Because Putin’s ratings are twice as high as United Russia’s, he cleverly slipped free of that political deadweight by dumping the thankless responsibility of heading the “party of crooks and thieves” on Medvedev.

The most amazing thing is not the maneuver itself but that it happened this long before the December State Duma elections. Obviously, Putin could not be happier with the present division of powers in which Medvedev is saddled with all the tedious and unpopular tasks, while he has unlimited time for rest and relaxation in his numerous official and unofficial residences around the country.

The only potential obstacle to this arrangement was Medvedev himself, who could have taken offense at being treated as a nobody. But Medvedev hurried to show that Putin could walk all over him, and Medvedev would take this treatment compliantly — and even smile at the same time.

The current tandem could have lasted for one term, but not two. By the time Medvedev had served a second term, enough people could have come to believe he was the true president that he might have started acting like one — and therefore usurped Putin’s perpetual grasp on power.

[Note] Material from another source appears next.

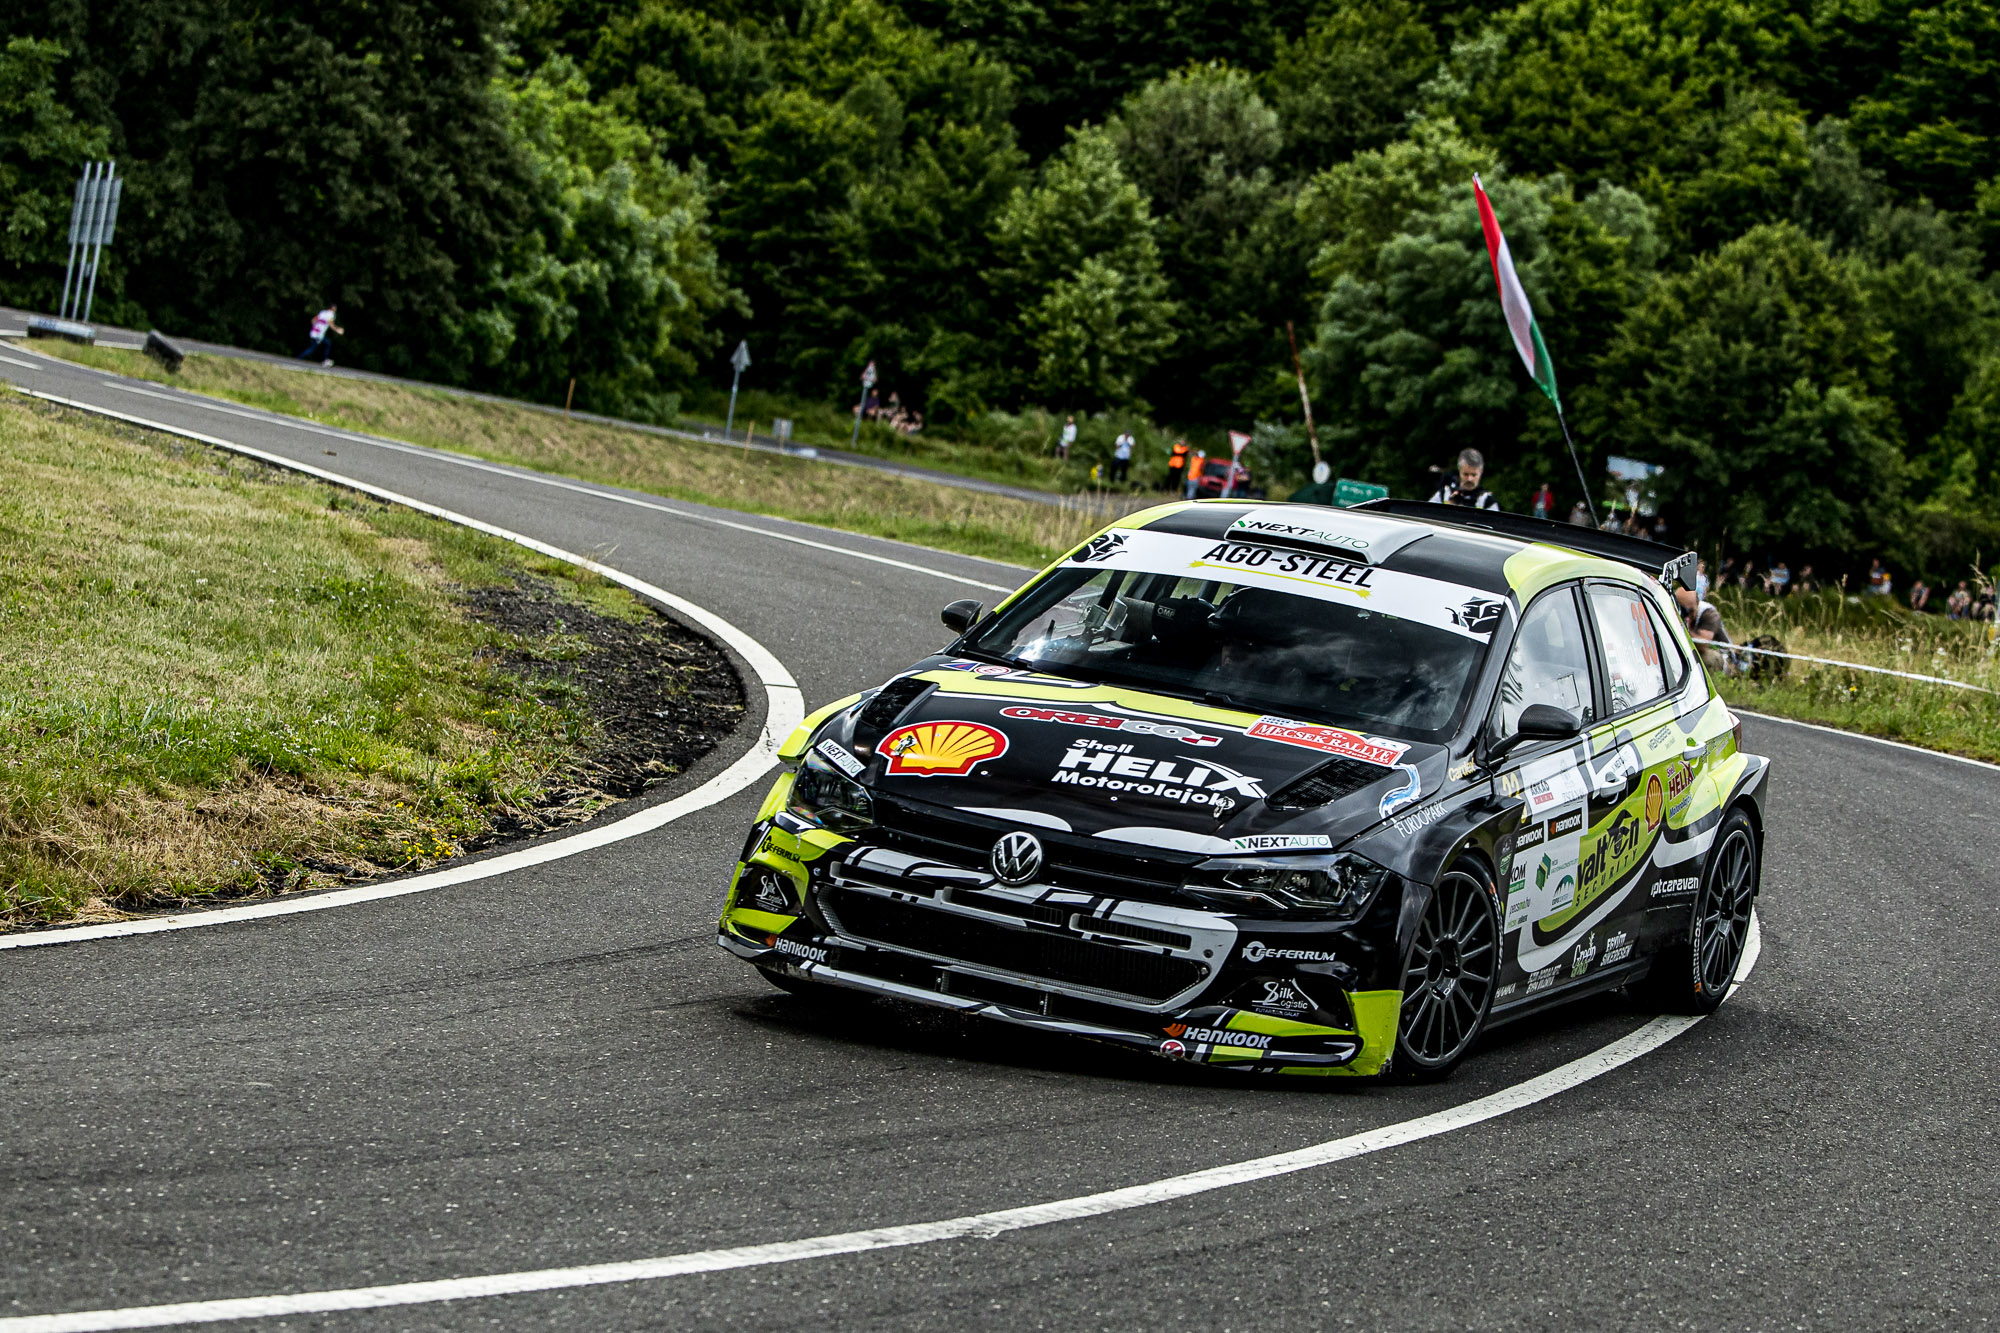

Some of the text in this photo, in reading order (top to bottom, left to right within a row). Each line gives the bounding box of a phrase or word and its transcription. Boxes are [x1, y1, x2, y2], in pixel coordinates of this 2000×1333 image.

Judging from what just transpired, Medvedev had wanted a second term so badly that Putin decided to end the confusion — and Medvedev’s delusions —  earlier than December.

The tandem switch will have absolutely no repercussions on Moscow’s foreign relations.  I think that Putin has judged his foreign partners correctly. They are full of lofty words on human rights and democracy, but this is just talk.

The Russia that Putin will inherit in 2012 will differ greatly from the Russia he led when he first became president in 2000. The Pension Fund has a $30 billion deficit, and the budget will not balance with oil prices lower than $120 per barrel. The wealthy fear for their wealth, and the poor fear for their lives.

The only real strategic scheme that the Kremlin has any serious plans to implement is a project by the name of “Putin Forever.” Whether such a plan can work in a country where no other strategic project is allowed will become evident in five or six years.

Yulia Latynina hosts a political talk show on Ekho Moskvy radio.